GOAL OF THE EXERCISE:
Print the records below exactly, and do not carry over any picture.

Top of WORKING DATA

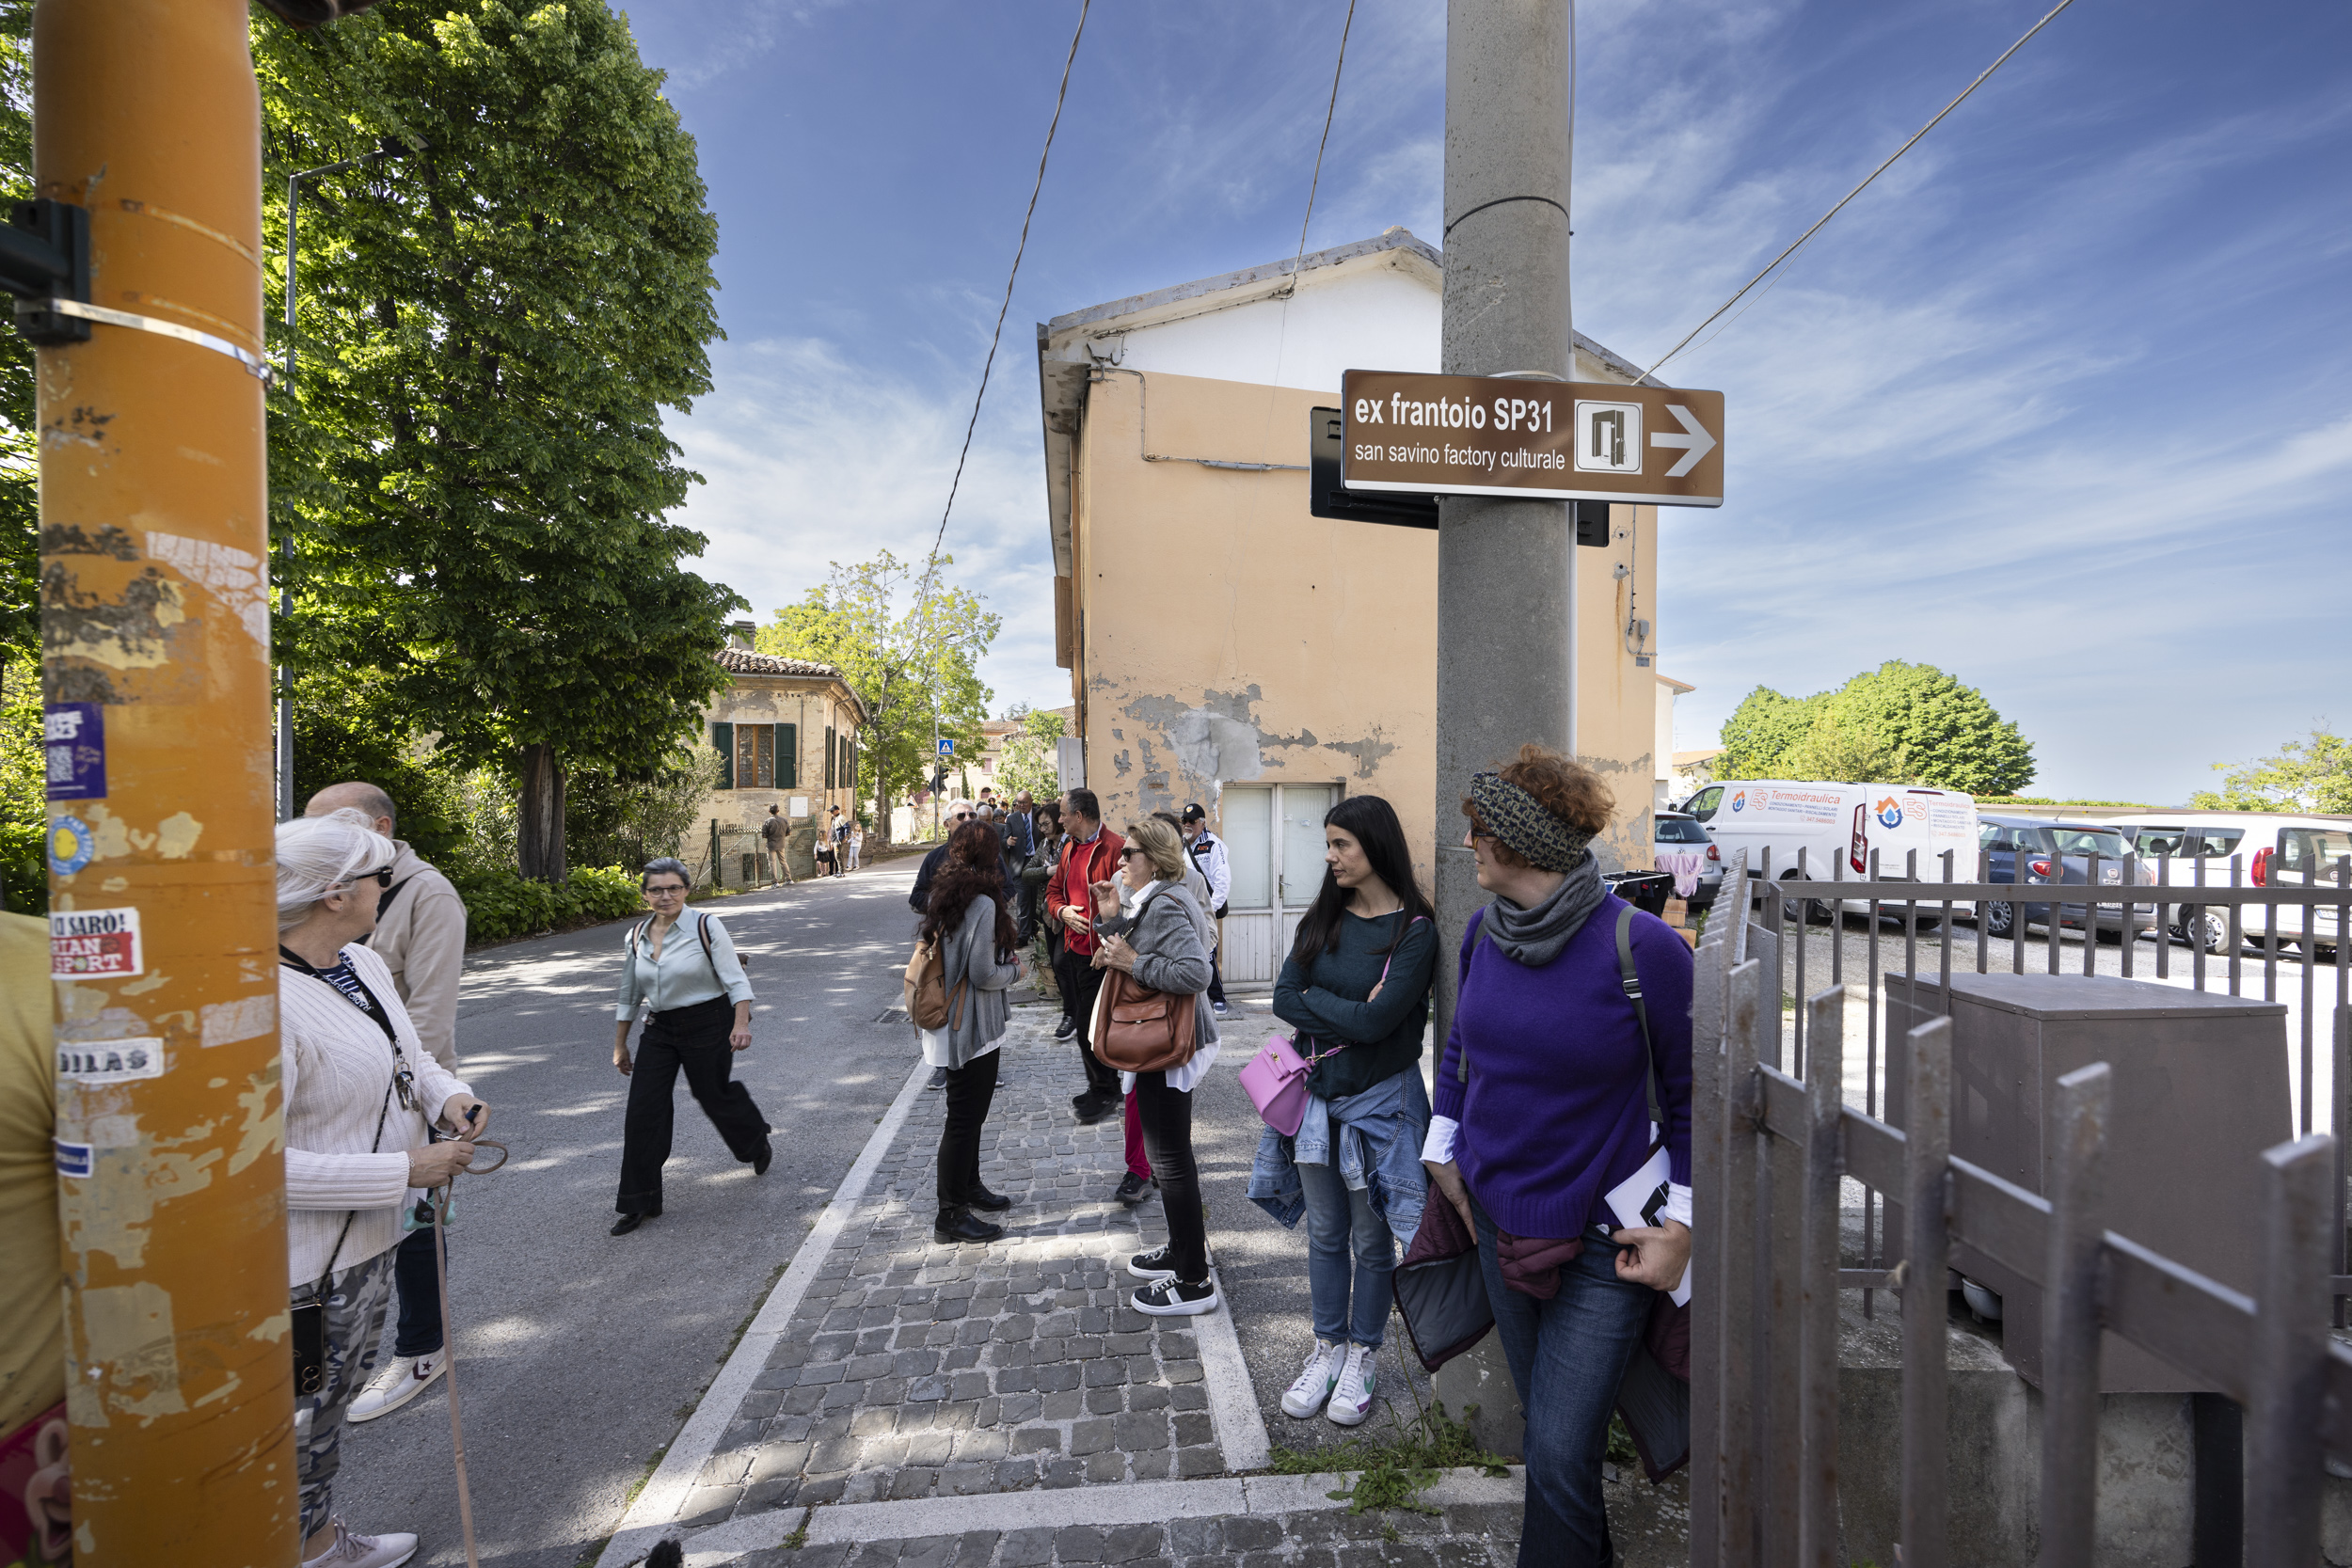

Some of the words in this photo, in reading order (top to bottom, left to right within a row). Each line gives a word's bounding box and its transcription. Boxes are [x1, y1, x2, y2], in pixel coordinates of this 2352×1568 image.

[1355, 397, 1384, 425] ex
[1391, 392, 1486, 430] frantoio
[1493, 397, 1552, 433] SP31
[1355, 443, 1384, 461] san
[1389, 442, 1439, 465] savino
[1444, 444, 1496, 471] factory
[1501, 447, 1565, 470] culturale
[1771, 790, 1841, 804] Termoidraulica
[1929, 800, 1971, 809] Termoidraulica
[347, 992, 372, 1012] RADIO

Bottom of WORKING DATA

SOLUTION FOR THIS EXERCISE:
Some of the words in this photo, in reading order (top to bottom, left to right within a row). Each line gives a word's bounding box and its transcription. Boxes are [x1, y1, x2, y2], in pixel coordinates of this 2352×1568 image.

[1355, 397, 1384, 425] ex
[1391, 392, 1486, 430] frantoio
[1493, 397, 1552, 433] SP31
[1355, 443, 1384, 461] san
[1389, 442, 1439, 465] savino
[1444, 444, 1496, 471] factory
[1501, 447, 1565, 470] culturale
[1771, 790, 1841, 804] Termoidraulica
[1929, 800, 1971, 809] Termoidraulica
[347, 992, 372, 1012] RADIO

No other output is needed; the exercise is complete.